Probably the Vaughan-Williams Tallis Fantasia.


----------



## hpowders (Dec 23, 2013)

The complete Wagner Ring conducted by Knappertsbusch. The most deliberate performance I know.

I call it "musical stalling". The longer it takes, the longer I can still live.


----------



## SixFootScowl (Oct 17, 2011)

Without question, it would be Handel's Messiah!


----------



## merlinus (Apr 12, 2014)

A toss-up between LvB 9 and Mozart Requiem.


----------



## ComposerOfAvantGarde (Dec 2, 2011)

The last piece I wish to hear would be the last thing ever written in the world as I will have known it. I can't imagine the distress and regret I would have to go through in the "afterlife" if I never hear that piece!


----------



## Guest (Apr 22, 2014)

ComposerOfAvantGarde said:


> The last piece I wish to hear would be the last thing ever written in the world as I will have known it. I can't imagine the distress and regret I would have to go through in the "afterlife" if I never hear that piece!
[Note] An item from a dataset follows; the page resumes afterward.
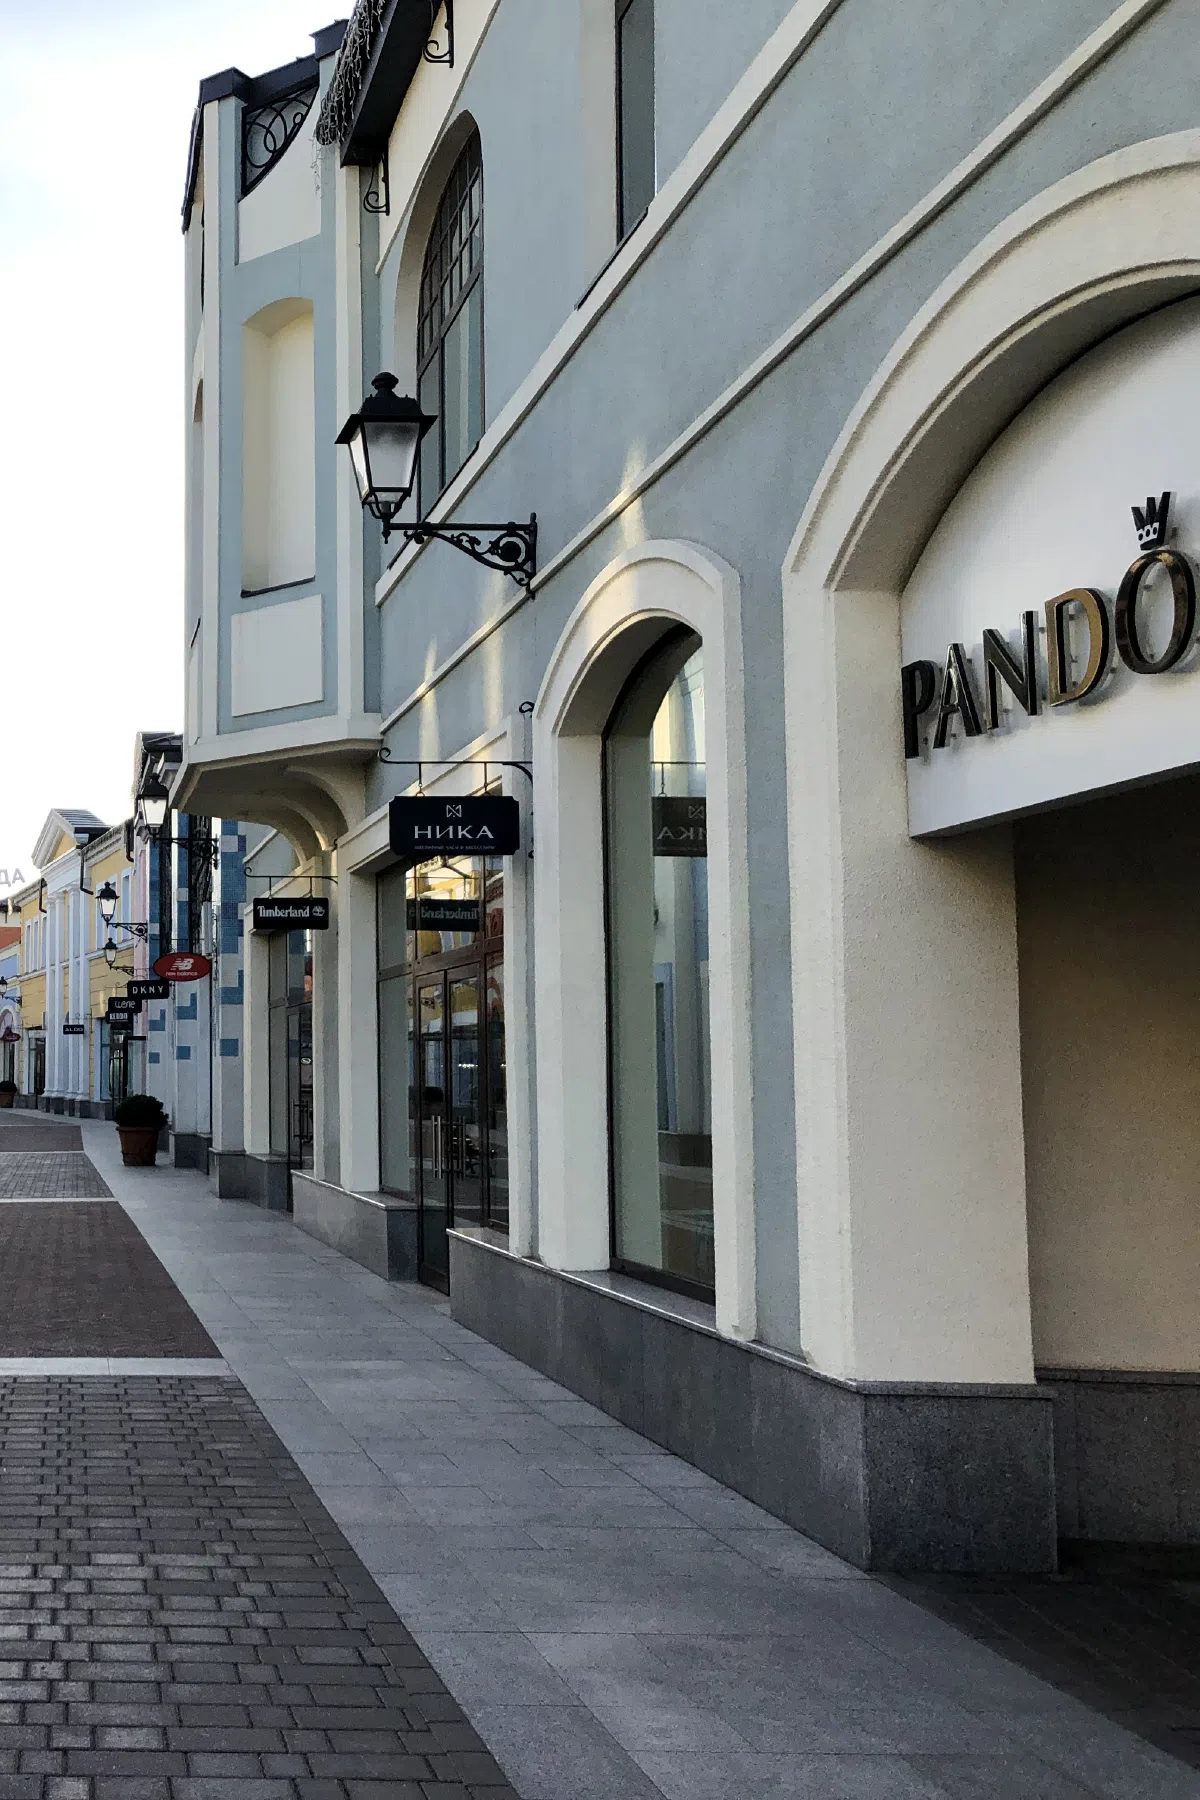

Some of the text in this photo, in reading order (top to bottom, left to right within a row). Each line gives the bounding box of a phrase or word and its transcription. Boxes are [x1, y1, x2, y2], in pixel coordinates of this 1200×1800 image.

[901, 549, 1198, 759] PANDO
[414, 825, 494, 839] НИКА
[257, 905, 310, 918] Timberland
[132, 986, 164, 994] DKNY
Well, with any luck, Bieber's writing team will be sure to keep you in the loop then


----------



## senza sordino (Oct 20, 2013)

RVW The Lark Ascending.


----------



## Guest (Apr 22, 2014)

@hpowders, if you're interested in attaining immortality, you might go for:

http://en.wikipedia.org/wiki/F♯_A♯_∞

"Because of the locked groove of the final track, the vinyl edition technically has an infinite running time."


----------



## ComposerOfAvantGarde (Dec 2, 2011)

arcaneholocaust said:


> Well, with any luck, Bieber's writing team will be sure to keep you in the loop then


noooooooooo!!!!!!! classical music please!!!!!


----------



## GioCar (Oct 30, 2013)

hpowders said:


> The complete Wagner Ring conducted by Knappertsbusch. The most deliberate performance I know.
> 
> I call it "musical stalling". The longer it takes, the longer I can still live.


The same!

But if there is any risk to die before the end, I'd be pleased with a last listening of Mahler's Das Lied von der Erde.


----------



## Tristan (Jan 5, 2013)

The Poem of Ecstasy, Op. 54 by Alexander Scriabin


----------



## Muse Wanderer (Feb 16, 2014)

Mozart's Requiem in D minor K.626 is my choice.

My first proper introduction to classical music would be my last.
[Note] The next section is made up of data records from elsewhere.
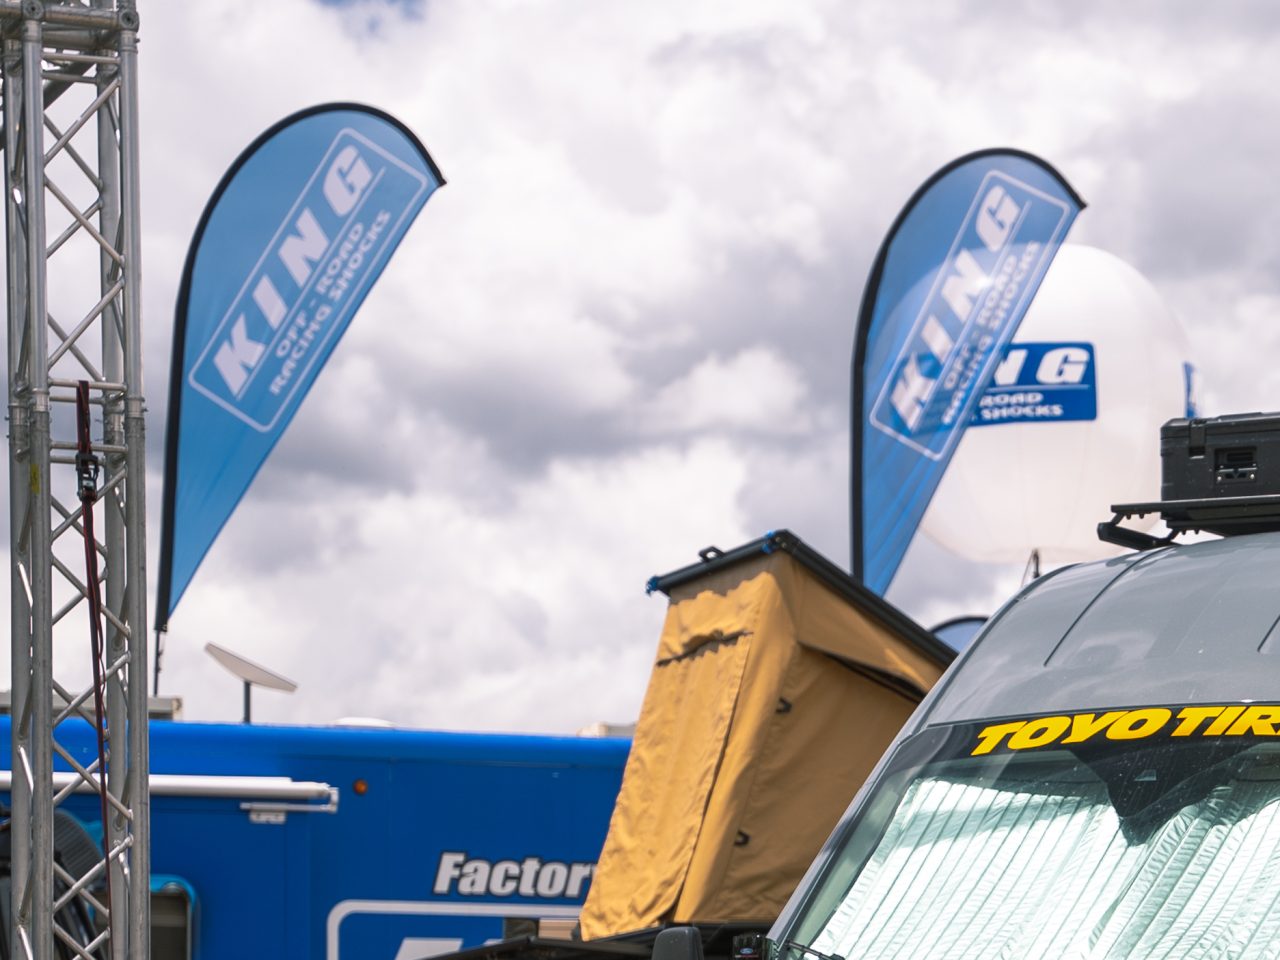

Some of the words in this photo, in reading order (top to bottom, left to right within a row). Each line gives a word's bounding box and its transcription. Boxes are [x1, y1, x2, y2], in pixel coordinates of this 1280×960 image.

[213, 145, 373, 397] KING
[268, 304, 333, 396] RACING
[328, 209, 392, 303] SHOCKS
[276, 310, 307, 358] OFF
[316, 222, 364, 296] ROAD
[890, 185, 1021, 431] KING
[943, 344, 971, 391] OFF
[976, 255, 1018, 326] ROAD
[989, 240, 1041, 330] SHOCKS
[981, 404, 1064, 420] SHOCKS
[970, 708, 1173, 756] TOYO
[433, 852, 597, 897] Factor
Maybe just before my last breath I could enter another dimension and hear what it would have sounded like had Mozart lived enough to complete it.


----------



## GGluek (Dec 11, 2011)

Michael Tippett's "The Midsummer Marriage."


----------



## Stavrogin (Apr 20, 2014)

Yeah Mozart's Requiem will do, and if I'm asked to be more specific I'll go with the Lacrimosa.

That, or this piece by Silver Mt Zion which I think has equal or higher dignity than classical music.


----------



## ptr (Jan 22, 2013)

Definitely Sate's Wexation's, the perpetual version! :guitar:

/ptr


----------



## hpowders (Dec 23, 2013)

GioCar said:


> The same!
> 
> But if there is any risk to die before the end, I'd be pleased with a last listening of Mahler's Das Lied von der Erde.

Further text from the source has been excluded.